Evergrande è il secondo sviluppatore immobiliare cinese per fatturato. La sua situazione debitoria è cresciuta nel corso degli anni in modo esponenziale. I problemi della società sono venuti a galla in seguito alle manovre del governo di Pechino che ha recentemente imposto una riduzione dell’indebitamento ai maggiori sviluppatori immobiliari.
In Cina si è costruito tanto, troppo. Questo si è tradotto in milioni di immobili invenduti in vere e proprie città fantasma. Ora Evergrande si trova in serio rischio di default e gli investitori sono preoccupati da un eventuale effetto contagio su altre società immobiliari, banche e sui prezzi delle case.
Questo rischio è molto ben compreso dal governo di Pechino che ha tra le sue priorità la stabilità economica e sociale del Paese.
Come ne uscirà il governo non è dato di sapere. Qualcosa a Pechino si inventeranno, ma il rischio che Evergrande si trasformi nella nuova Lehman Brothers appare effettivamente piuttosto remoto.
Nell’immediato, quindi, è molto probabile che il mercato azionario Cinese prosegua la fase di debolezza che l’ha caratterizzato in questi primi nove mesi dell’anno.
Ora, però, voglio lanciarti una provocazione: perché non cercare l’opportunità oltre la volatilità?
La Cina è ancora il motore della crescita mondiale. Primo Paese al mondo ad essere investito dall’onda d’urto del Covid, è stato anche il primo ad uscirne. Unico Paese a non essere entrato in recessione nel 2020, la Cina ha registrato nel primo trimestre 2021 una crescita record del +18,3%. Ora l’economia è in fase di normalizzazione.
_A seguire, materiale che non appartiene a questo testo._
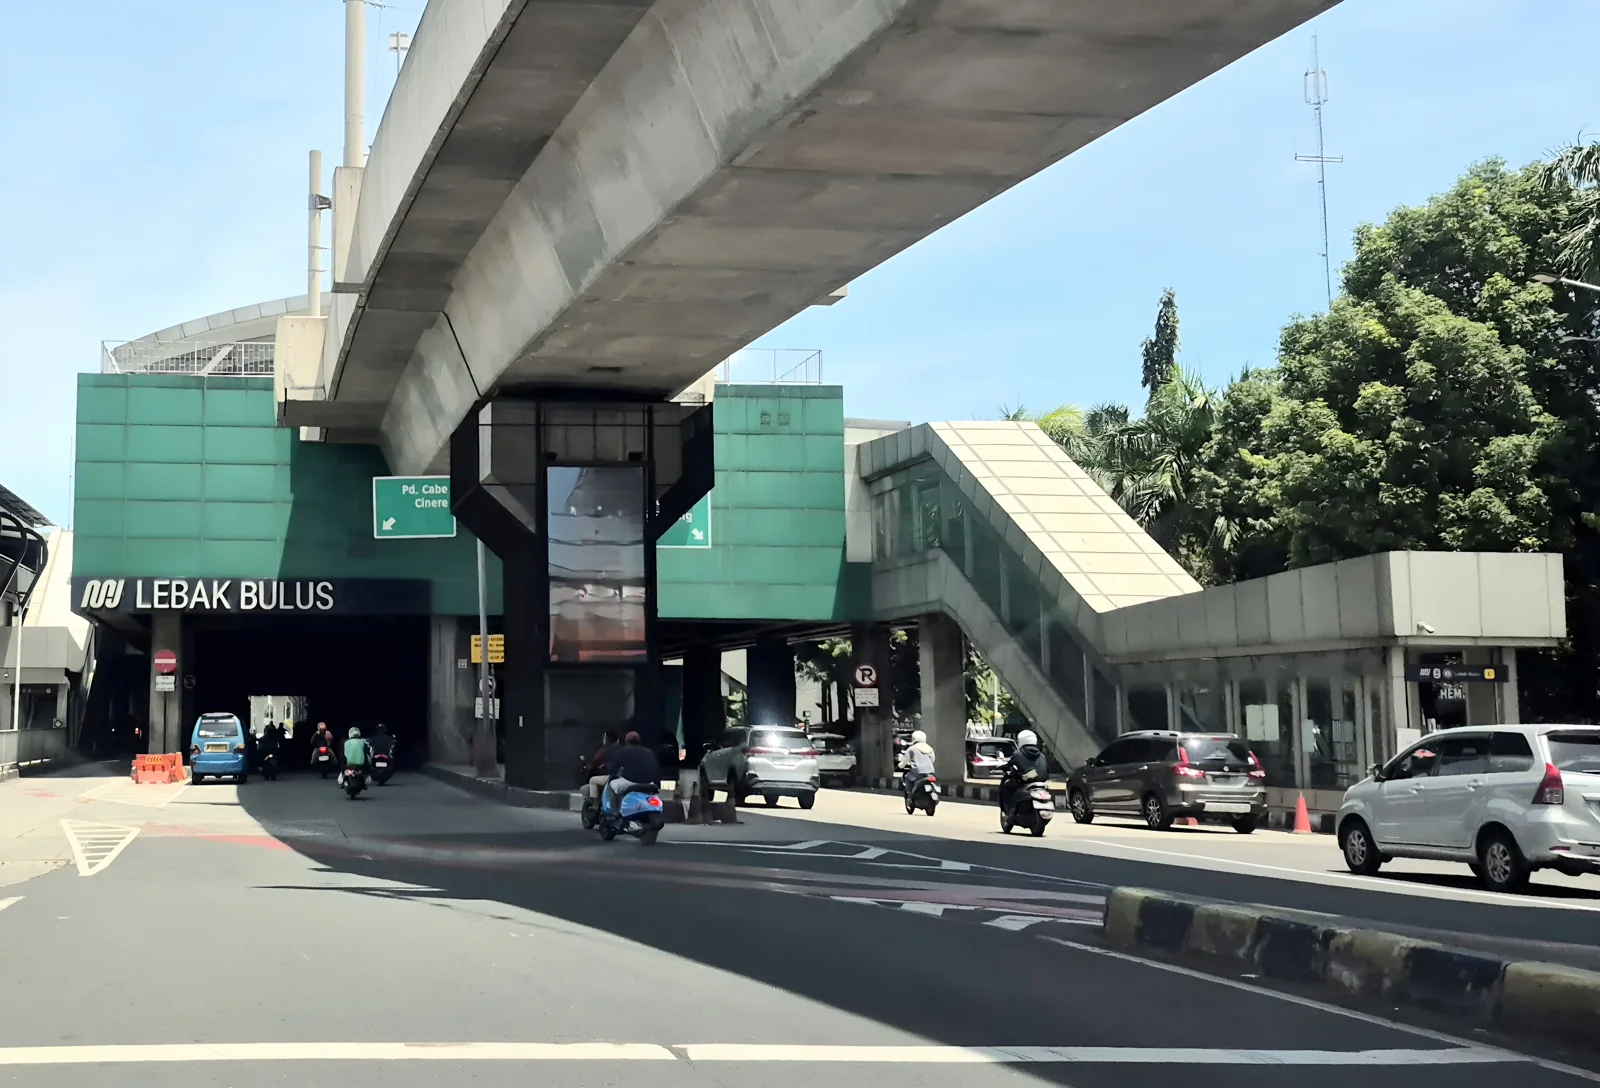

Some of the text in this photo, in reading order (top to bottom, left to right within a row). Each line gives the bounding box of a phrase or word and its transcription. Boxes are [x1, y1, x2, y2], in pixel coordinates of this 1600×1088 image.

[402, 484, 448, 495] Pd. Cabe
[415, 497, 448, 508] Cinere
[136, 579, 334, 610] LEBAK BULUS
Il Governo sta cercando di “pilotare” la crescita senza eccedere negli stimoli fiscali e monetari.
Sta introducendo normative più restrittive nei confronti dei grandi colossi tecnologici, ma lo fa con l’obiettivo di regolamentare un settore che, per le enormi dimensioni che ha raggiunto, rischia di sfuggire alla regolamentazione tradizionale. Questo è valso alla Cina, da parte del prestigioso settimanale The Economist, l’appellativo di “laboratorio mondiale della regolamentazione sulle tecnologie digitali”.
La Cina produce il 31% dei brevetti concessi a livello globale. Gli USA seguono al 22%.
È un dato di fatto come il baricentro del mondo si stia spostando verso est. L’Asia rappresenta il 60% della crescita economica globale.
Si può accettare questo dato e provare a trarne profitto, oppure si può decidere di seguire le cronache dei giornali e restarne fuori.
Io da consulente non posso che suggerire di investire gradualmente una parte dei propri investimenti nell’area a più forte crescita nel mondo.